Endangered Species; Habitat; Conservation
|C A S E S U M M A R Y|
Vernal pools typically appear in the spring, following fall and winter rains, before they dry up for the rest of the year. The pools’ locations change from year to year depending on rainfall. Species that rely on the pools can go dormant for years before coming back to life when there is adequate water. Species include crustaceans, amphibians, insects, and plants. The Fish and Wildlife Service (FWS) designates critical habitat under the Endangered Species Act (ESA) to protect threatened or endangered species. FWS designated 1,200 square miles in northern California and southern Oregon as critical habitat for the pools and the species that rely upon them. Construction and agricultural groups challenged the designation as a larger area than necessary under the ESA. The district court upheld the areas designated for habitat conservation. Plaintiffs appealed.
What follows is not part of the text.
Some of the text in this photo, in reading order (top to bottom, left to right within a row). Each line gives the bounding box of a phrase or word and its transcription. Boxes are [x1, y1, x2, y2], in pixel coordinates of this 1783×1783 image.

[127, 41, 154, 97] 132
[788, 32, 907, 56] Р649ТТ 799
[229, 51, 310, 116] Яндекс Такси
Affirmed. When making designation of critical habitat under the ESA, the FWS can determine what elements are necessary for conservation without determining exactly when conservation would be complete. The ESA only requires determination of what physical and biological features are essential to conservation of species. The FWS provided adequate explanation for the decision to designate habitat needed for species protection, so its determination stands.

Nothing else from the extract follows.